§ WORK ITEM:
Repeat the records given below in full, with no changes.

Spatial localization data
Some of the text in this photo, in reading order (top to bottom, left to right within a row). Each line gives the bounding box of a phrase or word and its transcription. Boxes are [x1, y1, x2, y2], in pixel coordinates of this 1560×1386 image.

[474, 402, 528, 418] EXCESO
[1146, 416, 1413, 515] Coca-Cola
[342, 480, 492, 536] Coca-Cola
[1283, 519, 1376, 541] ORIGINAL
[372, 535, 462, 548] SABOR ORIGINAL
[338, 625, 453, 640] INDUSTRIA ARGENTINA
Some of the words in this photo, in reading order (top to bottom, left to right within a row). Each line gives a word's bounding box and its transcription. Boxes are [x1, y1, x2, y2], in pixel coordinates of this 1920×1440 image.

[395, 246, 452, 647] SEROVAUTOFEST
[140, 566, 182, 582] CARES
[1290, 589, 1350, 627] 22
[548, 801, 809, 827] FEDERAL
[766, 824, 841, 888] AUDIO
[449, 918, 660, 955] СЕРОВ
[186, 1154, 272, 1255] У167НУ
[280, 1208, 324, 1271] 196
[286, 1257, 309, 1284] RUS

§ RESULT FOR THIS TASK:
Some of the text in this photo, in reading order (top to bottom, left to right within a row). Each line gives the bounding box of a phrase or word and its transcription. Boxes are [x1, y1, x2, y2], in pixel coordinates of this 1560×1386 image.

[474, 402, 528, 418] EXCESO
[1146, 416, 1413, 515] Coca-Cola
[342, 480, 492, 536] Coca-Cola
[1283, 519, 1376, 541] ORIGINAL
[372, 535, 462, 548] SABOR ORIGINAL
[338, 625, 453, 640] INDUSTRIA ARGENTINA
Some of the words in this photo, in reading order (top to bottom, left to right within a row). Each line gives a word's bounding box and its transcription. Boxes are [x1, y1, x2, y2], in pixel coordinates of this 1920×1440 image.

[395, 246, 452, 647] SEROVAUTOFEST
[140, 566, 182, 582] CARES
[1290, 589, 1350, 627] 22
[548, 801, 809, 827] FEDERAL
[766, 824, 841, 888] AUDIO
[449, 918, 660, 955] СЕРОВ
[186, 1154, 272, 1255] У167НУ
[280, 1208, 324, 1271] 196
[286, 1257, 309, 1284] RUS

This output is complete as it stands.